Impresión 3D de Metal de Escritorio: Cómo la fabricación aditiva de repuestos sale de las grandes industrias este 2026

Durante años, fabricar una pieza de metal mediante impresión 3D requería invertir cientos de miles de dólares en máquinas industriales gigantescas de fusión selectiva por láser (LPBF o SLM), que además exigen instalaciones altamente controladas con gases inertes y trajes de protección especial. En 2026, las cosas han cambiado radicalmente. El lanzamiento de sistemas compactos basados en extrusión de filamento metálico y nuevas tecnologías de pasta de metal, como la impresora Gauss MT90 presentada en el CES de este año o los kits de actualización metálica de BCN3D, están permitiendo que talleres mecánicos, laboratorios de prototipado y PyMEs de manufactura fabriquen repuestos de acero inoxidable o titanio directamente sobre un escritorio.

El secreto detrás de esta “democratización” es el proceso de impresión indirecta por filamento o pasta metálica unida por polímeros.
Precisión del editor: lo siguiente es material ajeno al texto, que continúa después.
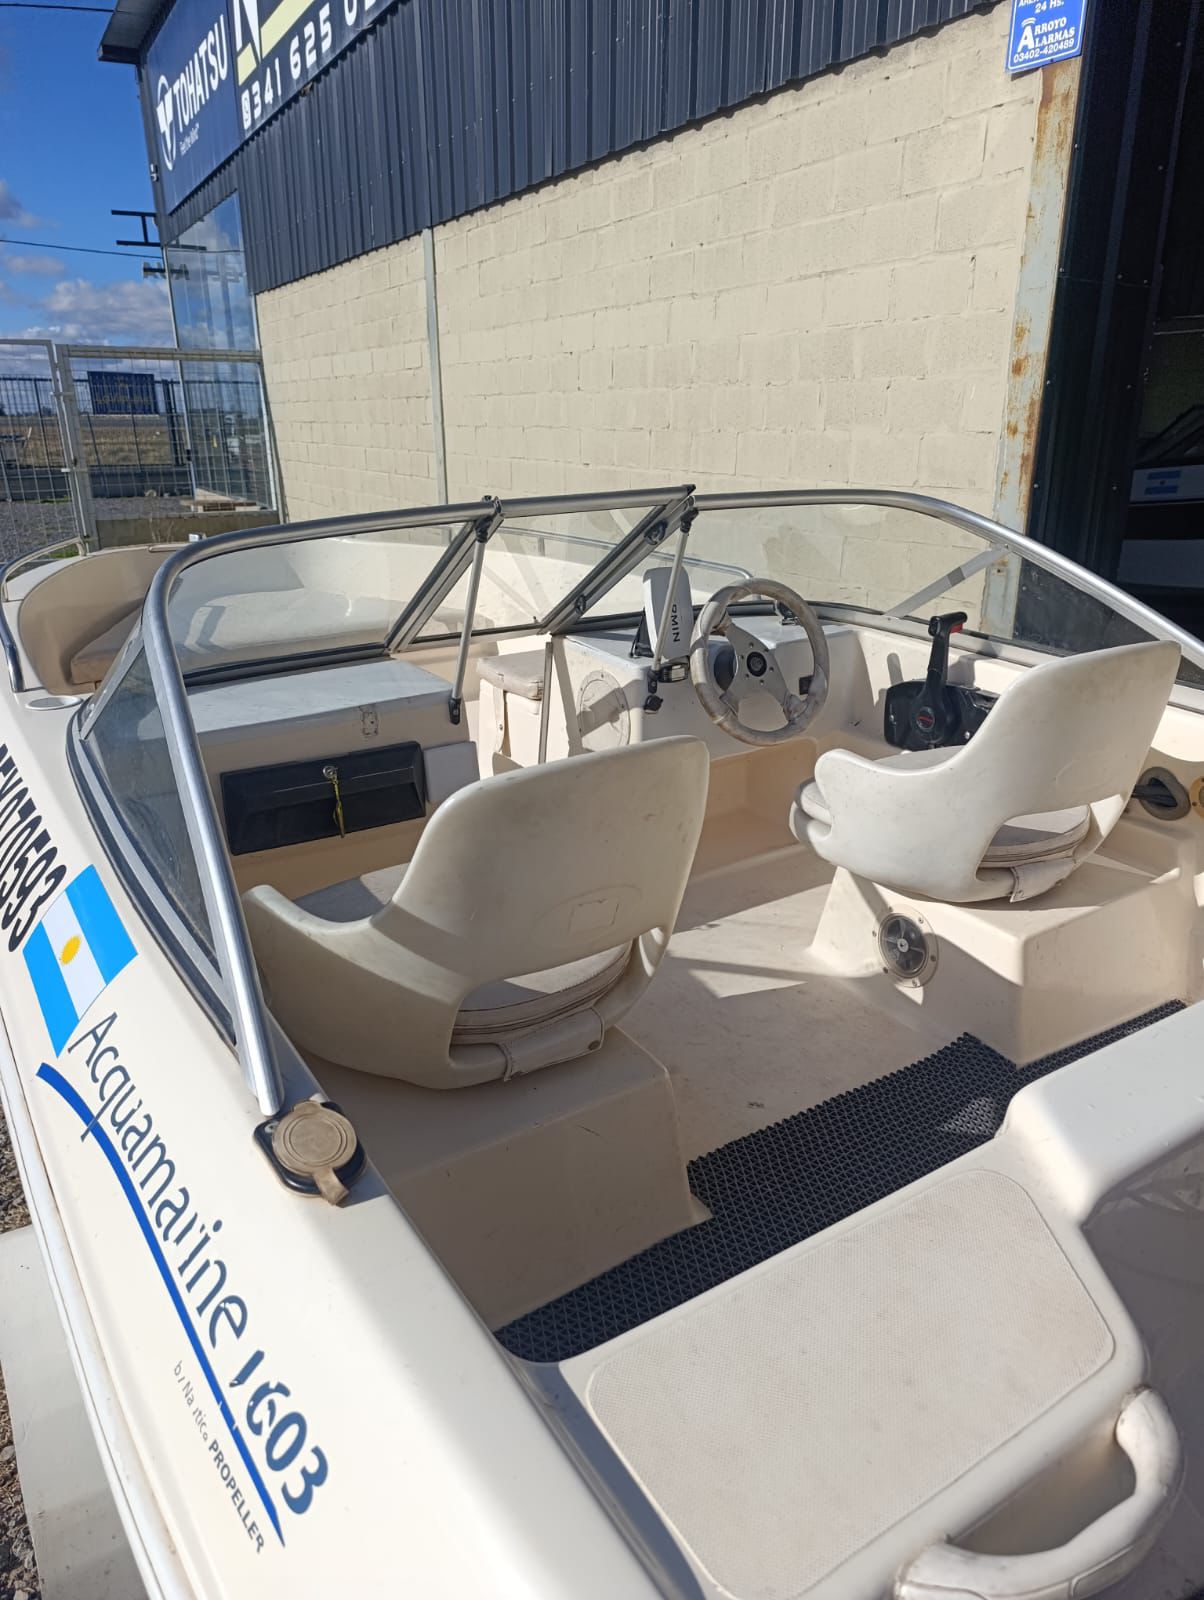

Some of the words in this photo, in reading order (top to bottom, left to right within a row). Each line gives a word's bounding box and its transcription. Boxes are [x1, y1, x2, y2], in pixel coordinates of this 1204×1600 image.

[289, 3, 332, 80] 625
[1034, 2, 1047, 14] 24
[173, 14, 228, 132] TOHATSU
[67, 1011, 248, 1350] Acquamarine
[228, 1350, 329, 1515] 1603
[208, 1439, 265, 1554] PROPELLER
La impresora deposita el material capa por capa en frío, creando lo que se conoce como una “pieza verde”. Posteriormente, esta pieza se introduce en un pequeño horno de sinterización de escritorio que quema el polímero aglutinante y funde las partículas de metal a altas temperaturas, logrando una pieza final sólida con una densidad metálica superior al 98%, lista para soportar esfuerzos mecánicos reales.

Para las pequeñas empresas chilenas que dependen de maquinaria agrícola, minera o industrial, esta tecnología reduce la dependencia de repuestos importados que tardan semanas en llegar. Ahora, un engranaje o conector descontinuado puede modelarse en CAD e imprimirse en metal localmente en menos de 48 horas.